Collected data
* * * * * * * * *

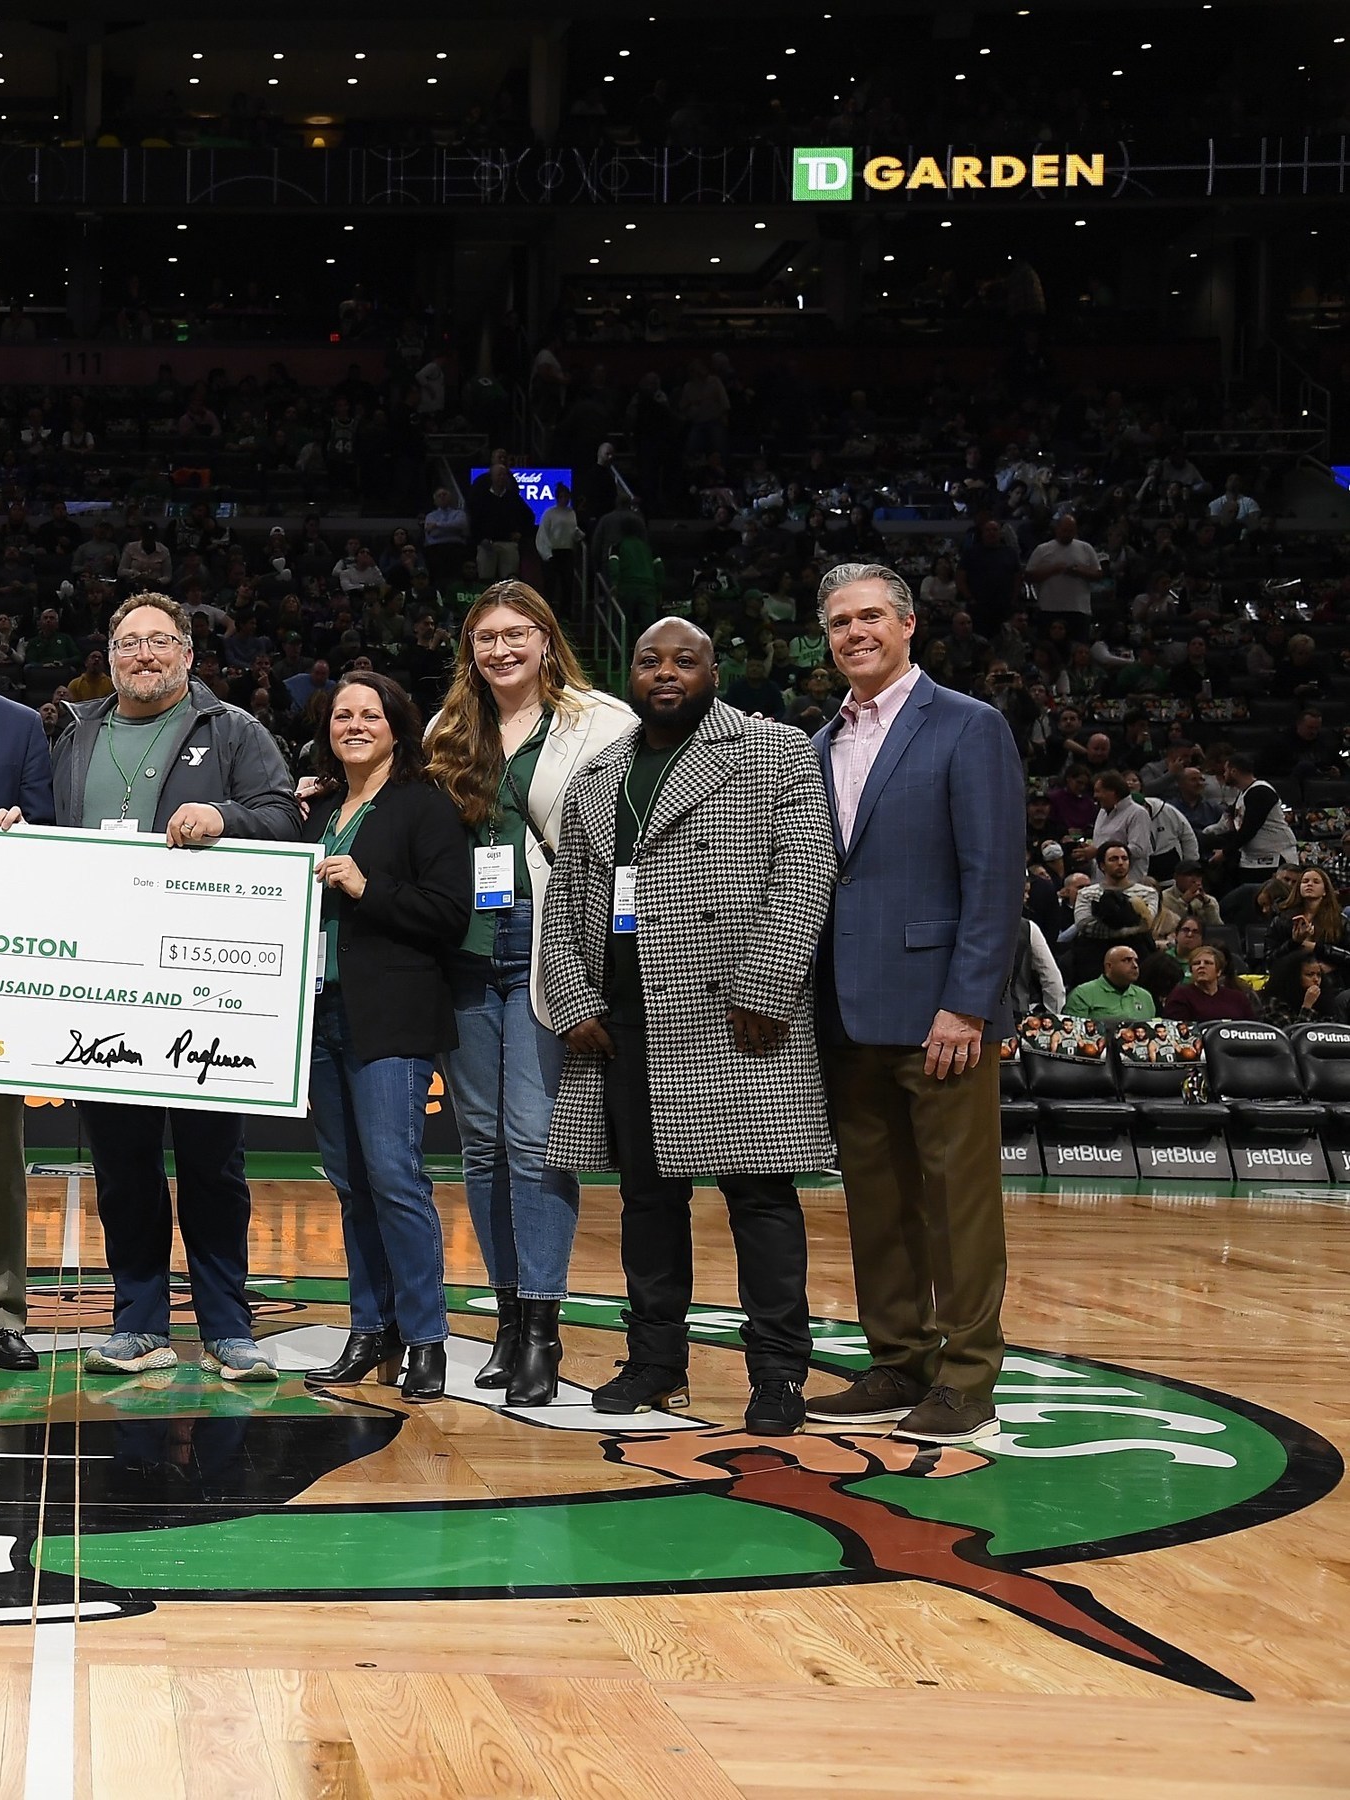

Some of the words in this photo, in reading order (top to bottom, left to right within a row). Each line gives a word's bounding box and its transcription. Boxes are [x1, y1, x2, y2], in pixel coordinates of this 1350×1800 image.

[797, 156, 848, 191] TD
[863, 154, 1105, 191] GARDEN
[61, 352, 101, 375] 111
[133, 877, 154, 888] Date
[165, 879, 231, 893] DECEMBER
[235, 884, 246, 896] 2,
[251, 885, 283, 897] 2022
[168, 944, 277, 968] $155,000.00
[59, 984, 139, 1004] DOLLARS
[142, 991, 183, 1007] AND
[1230, 1029, 1277, 1041] Putnam
[1057, 1144, 1122, 1164] jetBlue
[1150, 1146, 1217, 1166] jetBlue
[1246, 1147, 1313, 1168] jetBlue
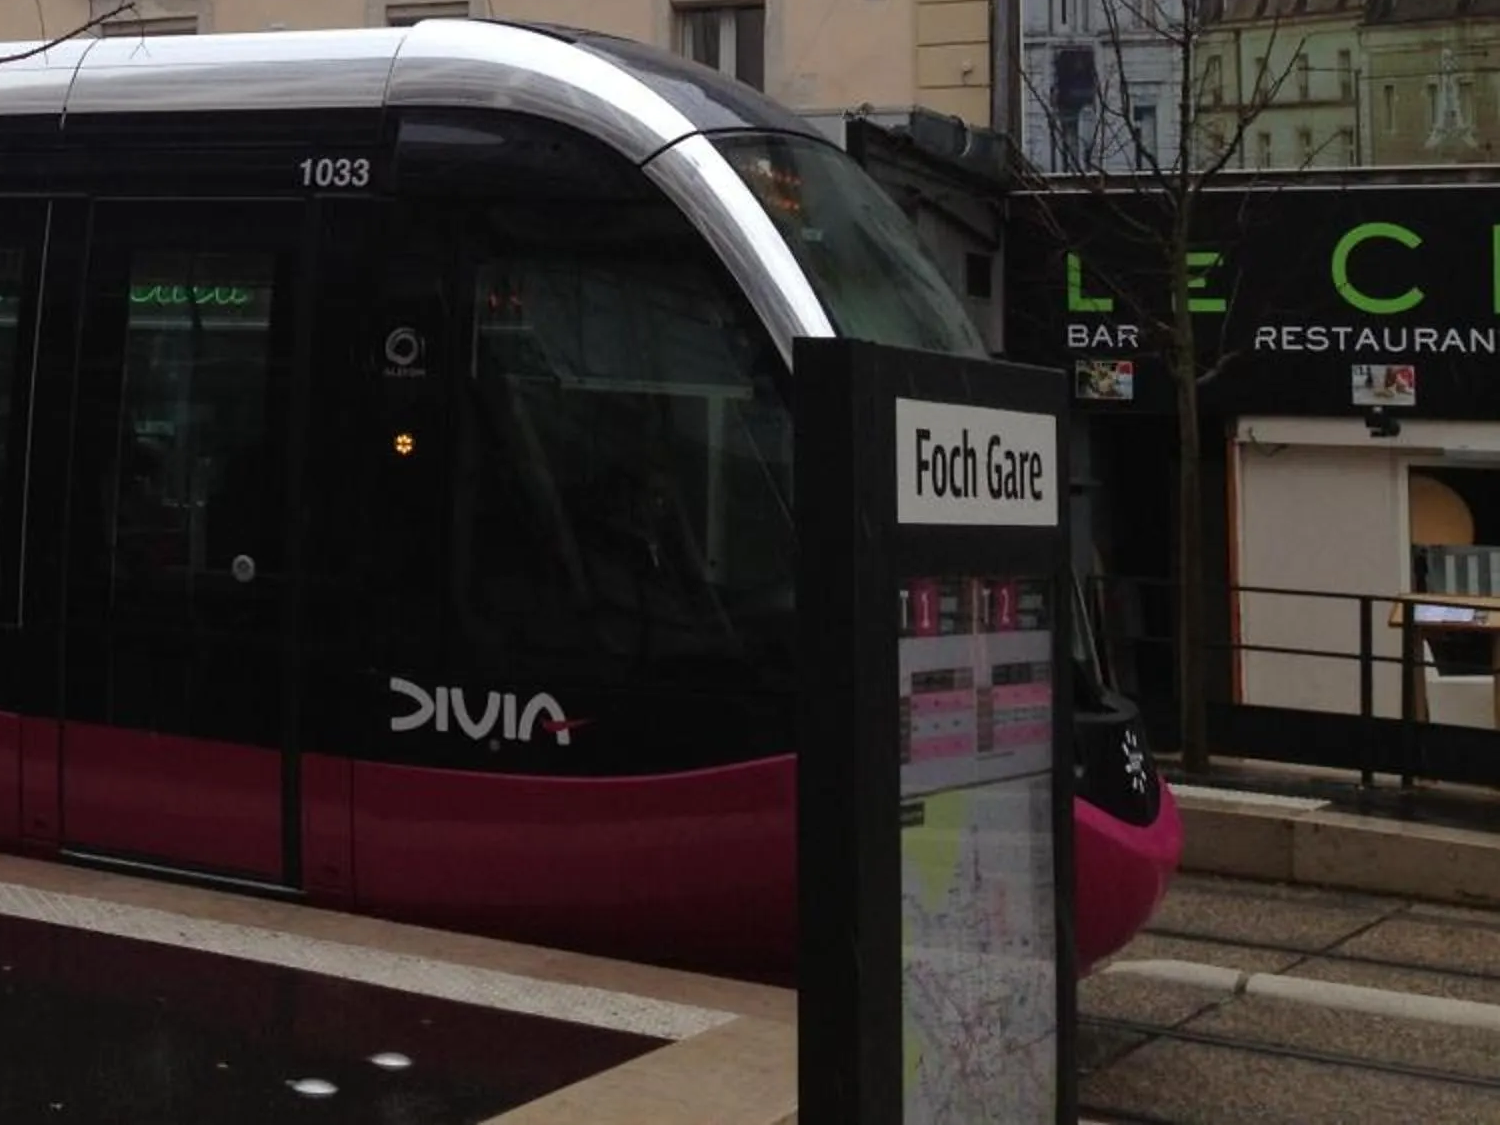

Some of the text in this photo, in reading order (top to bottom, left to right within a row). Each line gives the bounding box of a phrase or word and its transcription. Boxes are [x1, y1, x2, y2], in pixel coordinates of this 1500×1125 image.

[299, 158, 370, 187] 1033
[1066, 221, 1500, 315] LE C
[1067, 324, 1140, 349] BAR
[1254, 326, 1498, 353] RESTAURAN
[916, 428, 1043, 502] Foch Gare
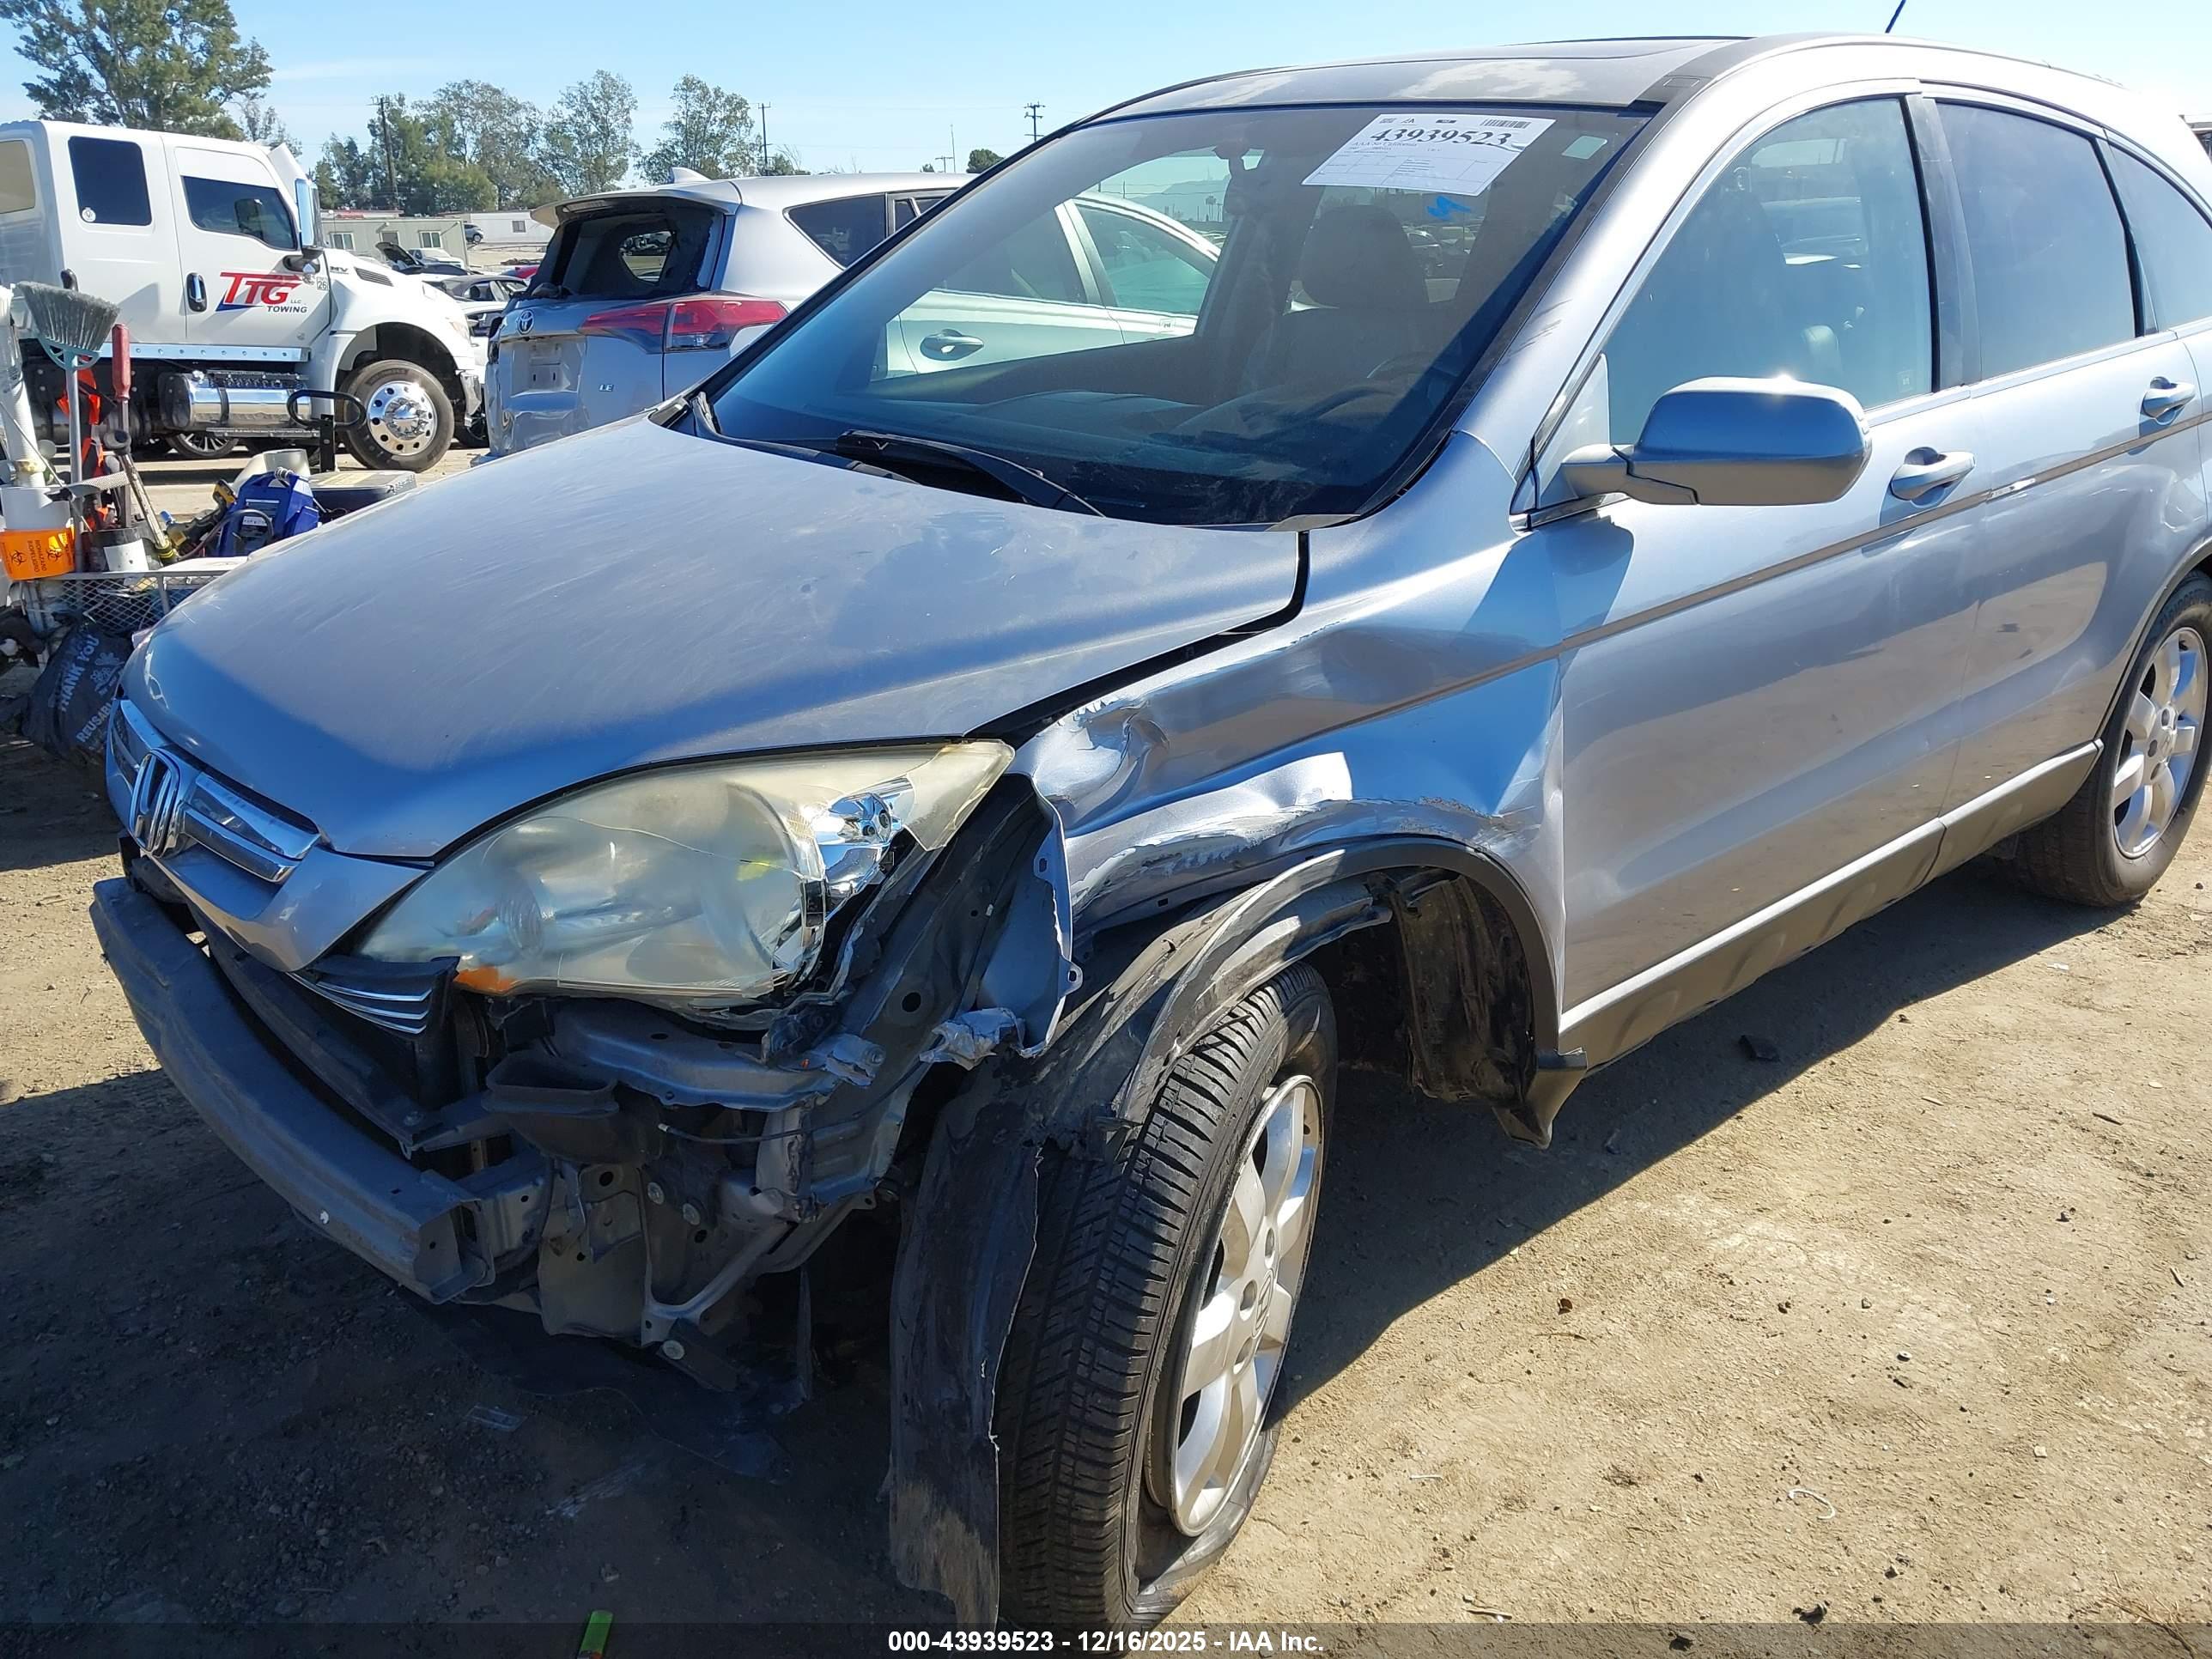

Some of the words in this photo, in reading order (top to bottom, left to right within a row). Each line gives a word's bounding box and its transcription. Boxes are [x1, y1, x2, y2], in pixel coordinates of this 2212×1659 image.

[1370, 128, 1512, 145] 43939523
[220, 271, 302, 305] TTG
[267, 305, 307, 313] TOWING
[77, 634, 100, 662] YOU

* * * * * * * * *

Every line from the one containing "Some of the text" to the final line of the records should be duplicated exactly; no picture is to be copied.

(Solution below):
Some of the text in this photo, in reading order (top to bottom, left to right within a row). Each line gives the bounding box of a phrase or word and its transcription. Boxes are [x1, y1, x2, y2], in pixel coordinates of this 1500×1125 image.

[299, 158, 370, 187] 1033
[1066, 221, 1500, 315] LE C
[1067, 324, 1140, 349] BAR
[1254, 326, 1498, 353] RESTAURAN
[916, 428, 1043, 502] Foch Gare

Some of the words in this photo, in reading order (top to bottom, left to right within a row). Each line gives a word's bounding box and its transcription. Boxes are [x1, y1, x2, y2], in pixel coordinates of this 2212×1659 image.

[1370, 128, 1512, 145] 43939523
[220, 271, 302, 305] TTG
[267, 305, 307, 313] TOWING
[77, 634, 100, 662] YOU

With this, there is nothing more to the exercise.